Though automakers lobbied the Trump administration to ease the standards, they have not publicly embraced the administration’s proposed rollback, largely because it is expected to be challenged by California and other states in court, and could result in a “split-market” that “would be a logistical and financial nightmare” for auto manufacturers, the New York Times said.
As we explained in our story “The Facts on Fuel Economy Standards,” the U.S. fuel economy program includes two standards that are overseen by different agencies under different laws: The Corporate Average Fuel Economy, or CAFE, standard is set in miles per gallon by the Department of Transportation’s National Highway Traffic Safety Administration, and greenhouse gas emissions standards, which limit emissions of carbon dioxide, are monitored by the Environmental Protection Agency.
Under Obama, NHTSA and EPA worked together to set standards that would be essentially equivalent to each other.
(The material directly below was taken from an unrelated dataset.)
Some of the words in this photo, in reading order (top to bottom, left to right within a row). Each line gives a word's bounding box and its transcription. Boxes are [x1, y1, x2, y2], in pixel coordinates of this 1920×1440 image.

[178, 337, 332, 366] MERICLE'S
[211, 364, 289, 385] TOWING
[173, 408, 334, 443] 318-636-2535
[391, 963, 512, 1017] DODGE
The agencies also collaborated with the state of California, which had been allowed to set a stricter standard under the Clean Air Act, so that the state would accept the federal standards, thereby creating a so-called “national program.”
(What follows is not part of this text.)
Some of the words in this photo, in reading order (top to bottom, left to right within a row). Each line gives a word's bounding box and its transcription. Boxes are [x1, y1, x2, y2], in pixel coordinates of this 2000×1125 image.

In February, however, the Trump administration broke off talks with California officials over a compromise, likely setting up a court challenge to the administration’s proposed rollback of the standards.
The Washington Post reported that Joe Hinrichs, Ford’s president of global operations, issued a statement saying that “the company is ‘disappointed’ that California and federal regulators have not been able to find a compromise on future fuel efficiency standards.”
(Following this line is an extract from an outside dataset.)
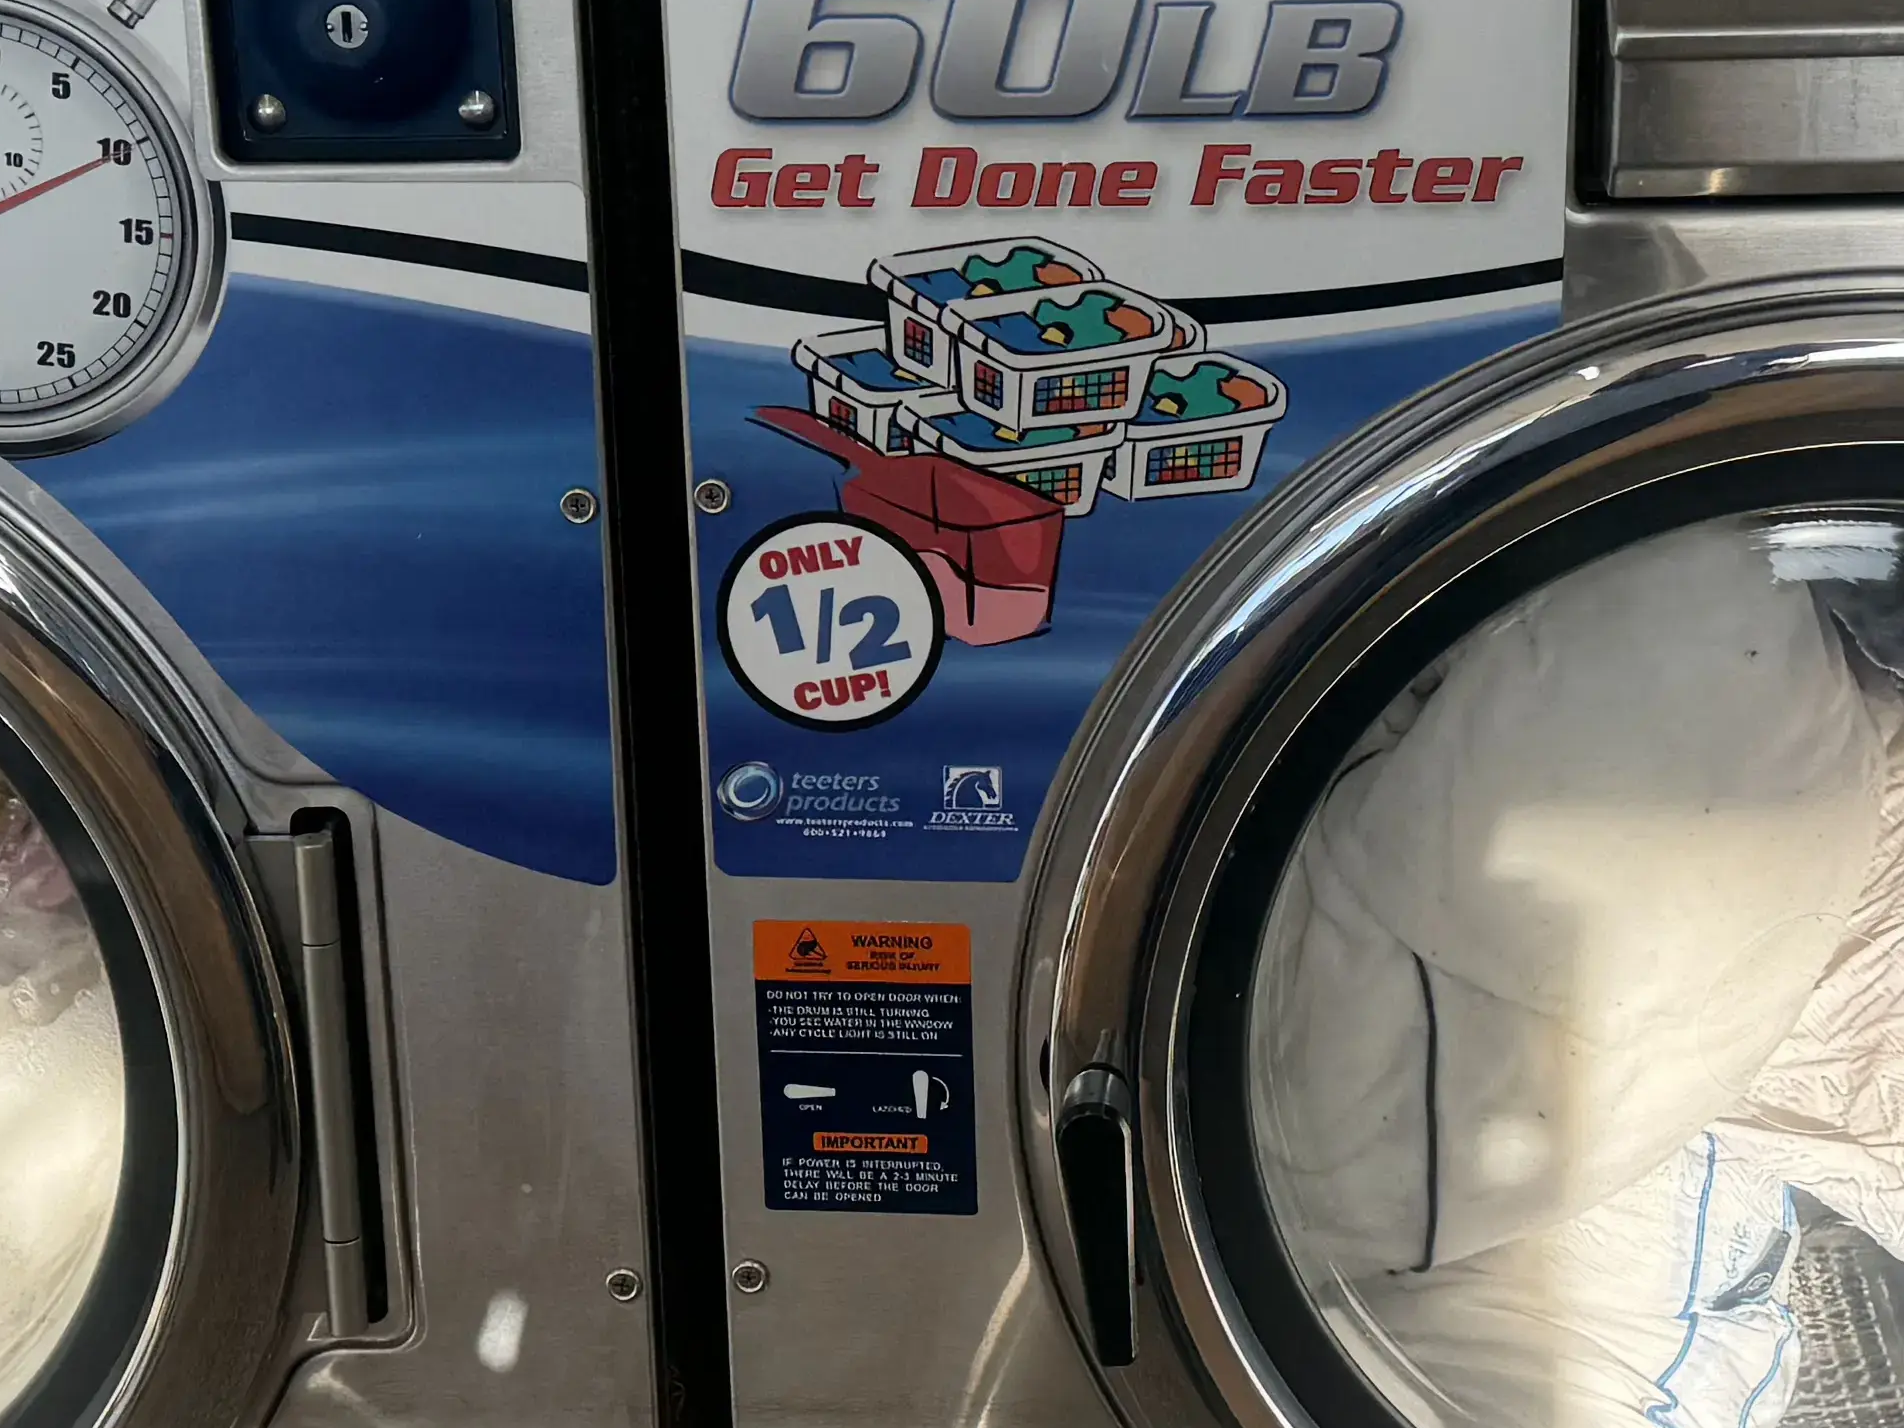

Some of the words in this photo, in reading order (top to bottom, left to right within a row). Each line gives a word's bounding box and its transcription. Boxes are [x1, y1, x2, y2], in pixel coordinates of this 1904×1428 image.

“A coordinated program with every stakeholder is in the best interest of Ford’s customers, and is the best path forward to achieve reductions in carbon dioxide emissions and support critical investments in new technologies,” the statement said. “The auto industry needs regulatory certainty, not protracted litigation.”
The car companies are in a tough position, said Smith, of the Center for Automotive Research. Automakers don’t want to be seen as anti-environmental, Smith said, so they appear to want a nationwide fuel standard somewhere in between the current regulations and Trump’s proposal.
“Clearly, they think they need relief [from the Obama standards],” Smith said. “The question becomes, what are they asking for specifically?”
The Washington Post noted that the Auto Alliance, whose members make most of the vehicles in the U.S., “has continued to voice concerns about the administration’s approach. Auto Alliance spokeswoman Gloria Bergquist said in an interview [March 7] that the group supports ‘year-over-year increases in fuel economy’ and a nationwide standard that includes California and its affiliated states.”
All of that nuance is lost in Biden’s summary.
The auto industry publicly supported the Obama standards back in 2011, though it’s debatable whether they thought the standards were a “good idea,” as Biden put it. Industry experts told us auto executives hoped to revisit the standards through a midterm review in 2018, when they might be in a better negotiating position. Those executives have made clear that they believe it is necessary to ease the fuel economy standards mandated in the Obama plan.
Biden’s claim that auto manufacturers “didn’t even agree with [Trump] when he rolled it back,” also ignores the context of the auto industry’s misgivings about the Trump plan. Auto executives do not oppose weakening the Obama standards, but they had hoped for a compromise standard that would be palatable to California and other states, and avoid the likelihood of lengthy court battles.